Exodus 1:15-21. “The king of Egypt said to the Hebrew midwives, ‘. . . .if it is a boy, kill him, but if it is a girl, let her live.’ The midwives, however, feared God and did not do what the king of Egypt had told them to do; they let the boys live. . . .’Why have you done this: Why have you let the boys live?’ The midwives answered Pharaoh, ‘Hebrew women are not like Egyptian women, they are vigorous and give birth before the midwives arrive.’ So God was kind to the midwives, . . . And because the midwives feared God, he gave them families of their own.”
Exegesis and Application
This is a key passage in the discussion of the biblical view of truth-telling. Two important exegetical questions need to be answered from this passage: 1) Did the midwives lie to Pharaoh, the civil authority over them? 2) Did God approve of their conduct?
This passage, like several others, goes to the very purpose of language which is for interhuman communication leading to loving and just relationships. William Paley, the 18th c.
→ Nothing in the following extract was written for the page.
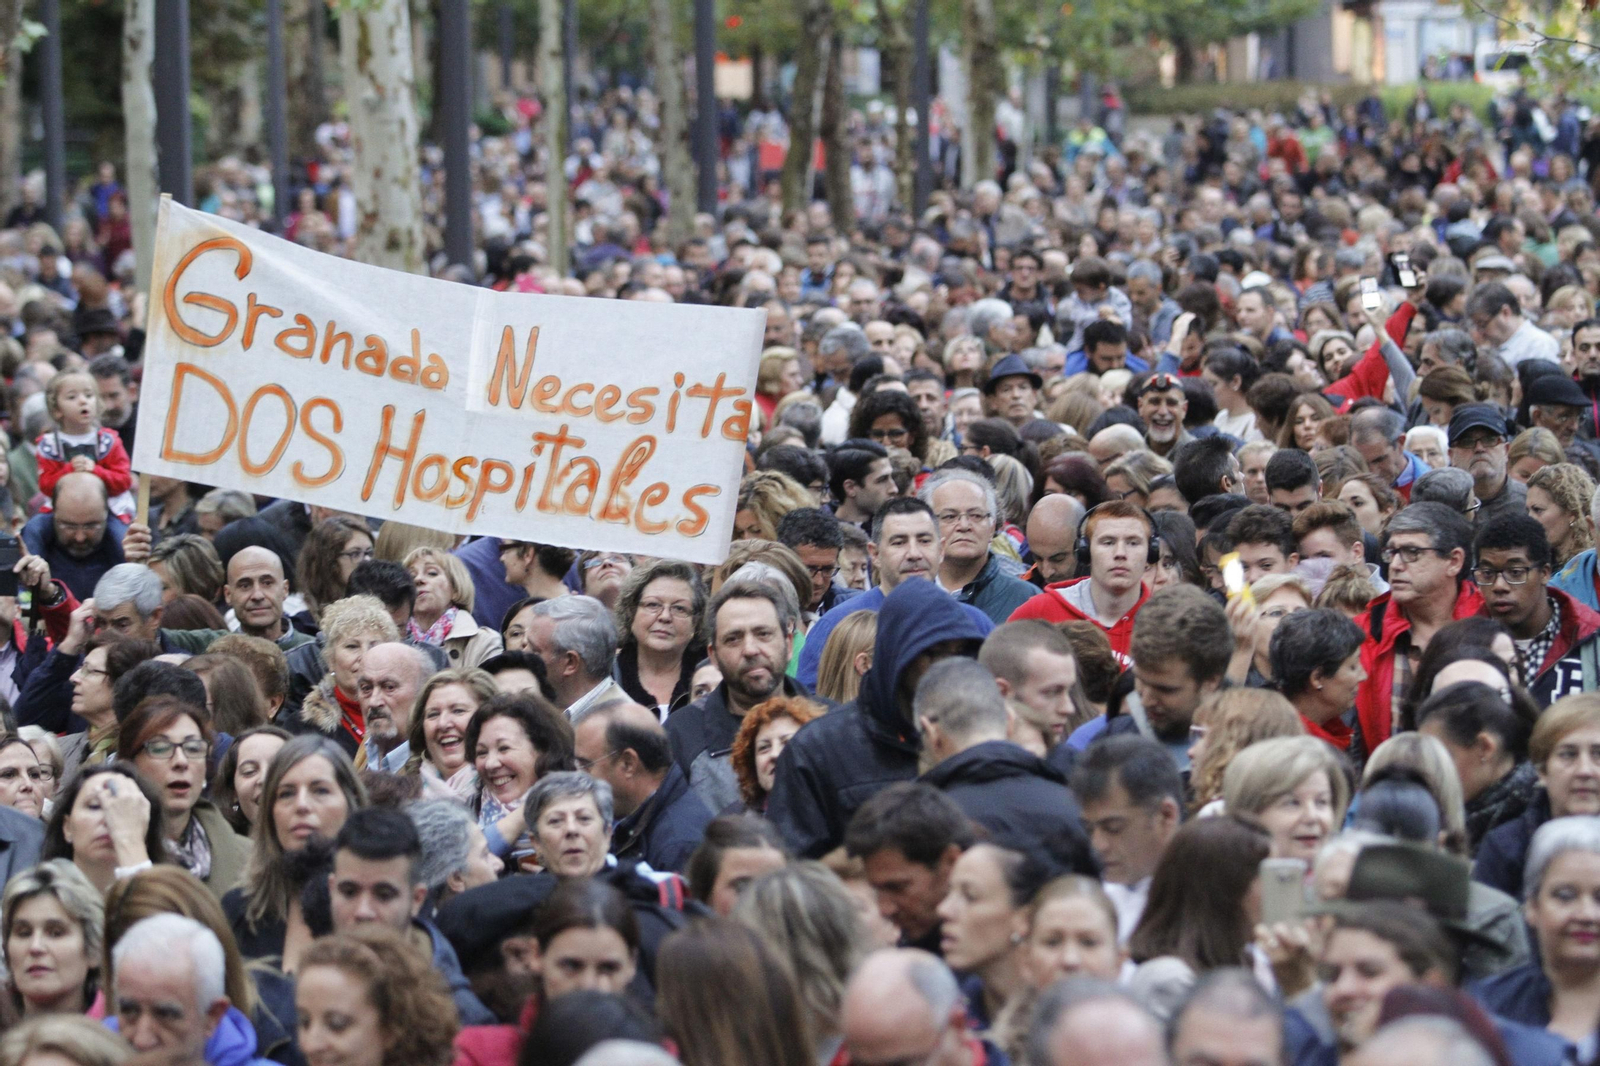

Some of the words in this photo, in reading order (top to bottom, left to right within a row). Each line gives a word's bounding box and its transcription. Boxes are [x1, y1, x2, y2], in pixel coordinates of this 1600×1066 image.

[163, 236, 449, 390] Granada
[487, 325, 752, 441] Necesita
[159, 362, 344, 488] DOS
[361, 404, 722, 538] Hospitales
British Christian philosopher, wrote, “A lie is a promise: for whoever seriously addresses his discourse to another, tacitly promises to speak the truth because he knows the truth is expected. The obligation of veracity may be made out from the direct ill consequences of lying, to social happiness. The consequences of lying will result in either in some specific injury to particular individuals or in the destruction of personal confidence, which is essential to human intercourse” (Principles of Moral and Political Philosophy).
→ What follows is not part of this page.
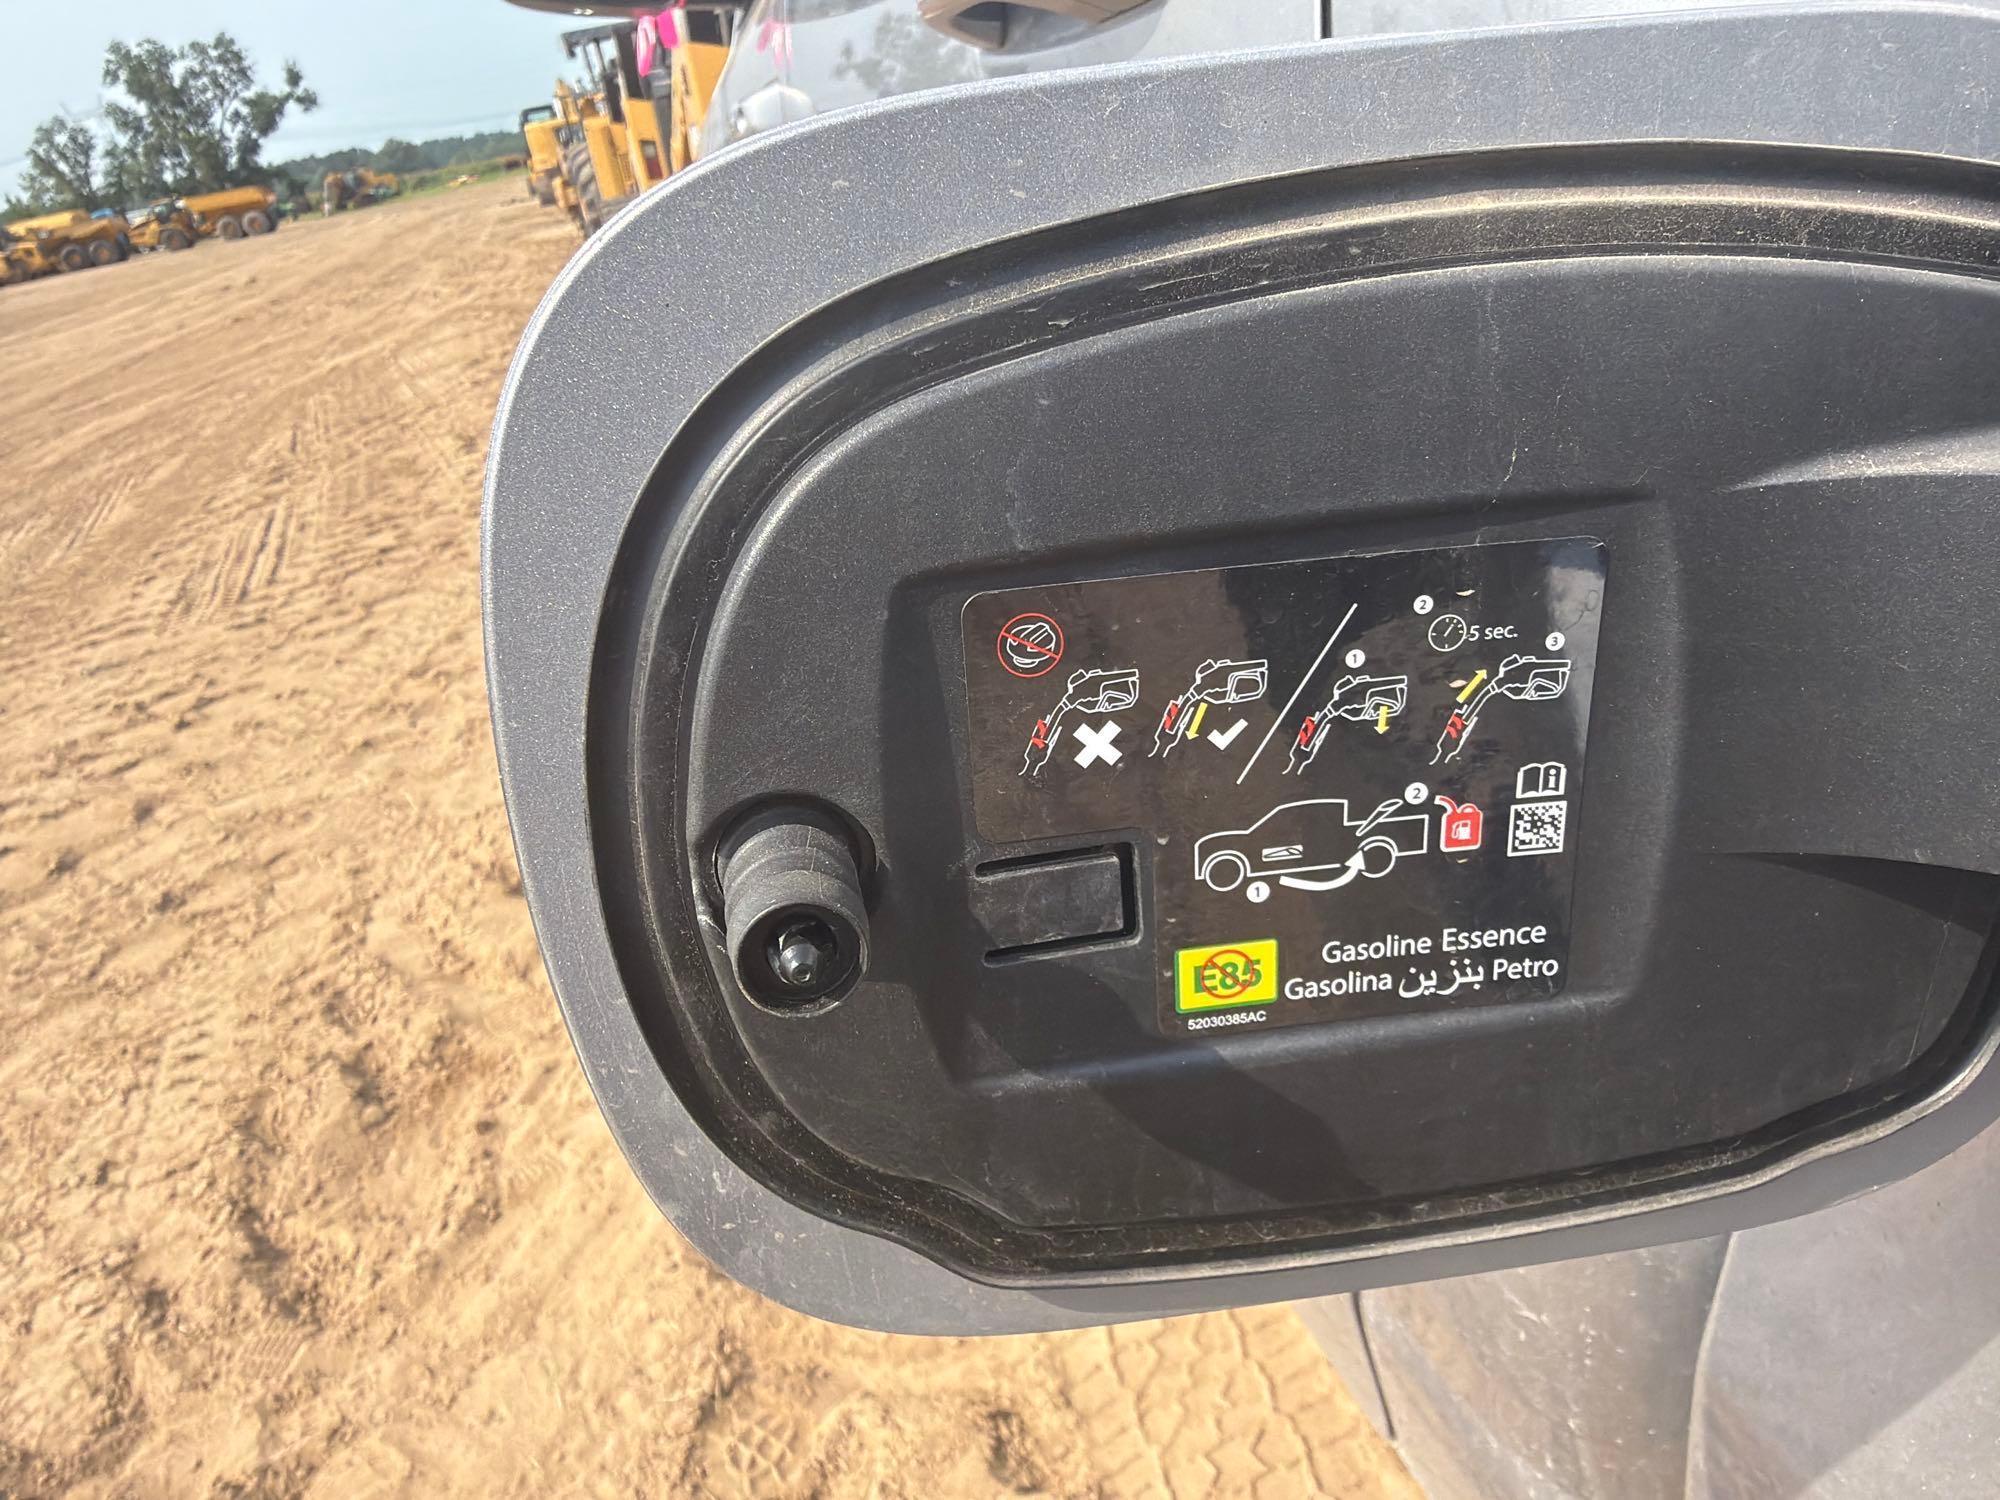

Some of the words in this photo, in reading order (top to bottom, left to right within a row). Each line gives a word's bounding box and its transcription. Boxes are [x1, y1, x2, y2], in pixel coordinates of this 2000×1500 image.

Normal human intercourse had been destroyed by Egypt and thus there were no grounds for truth communication between Egypt and God’s people. Pharaoh was at war with Israel. Egypt had enslaved, abused, killed and sentenced to death Jewish infants. The midwives lied and God approved. David Clyde Jones (Biblical Christian Ethics) gives a short but masterful treatment of this passage, with the conclusion being, “The murderous order of the king of Egypt signaled a radical breakdown in human relationships and hence in human communication: Pharaoh had no right to know the truth of the midwives’ action.”
Since the Egyptian Pharaoh had no right to the truth, the Hebrew midwives were to righteously lie with gusto. It pleased God for them to do so. Indeed, Ps. 50:18 (“When you see a thief, you join with him; you throw in your lot with adulterers.”) tells us that if we excuse or go along with sin we become accomplices to that sin. So it was not only right but necessary for midwives to lie.
Christian journalist, you must be wise and skillful in conducting yourself. The Proverbs exhort us to be thoughtful and mindful of God’s instruction about our daily, mundane decisions. In our Exodus passage we are being taught that telling the truth depends on the circumstances and the parties involved because not everyone always has a right to the truth nor do we have the obligation to always be truthful. There are greater obligations at play in our human relationships and we need to be sensitive to those circumstances.
Having said all this, to tell a lie is to be in concert with Satan and to act like a child of darkness. But this is for another musing.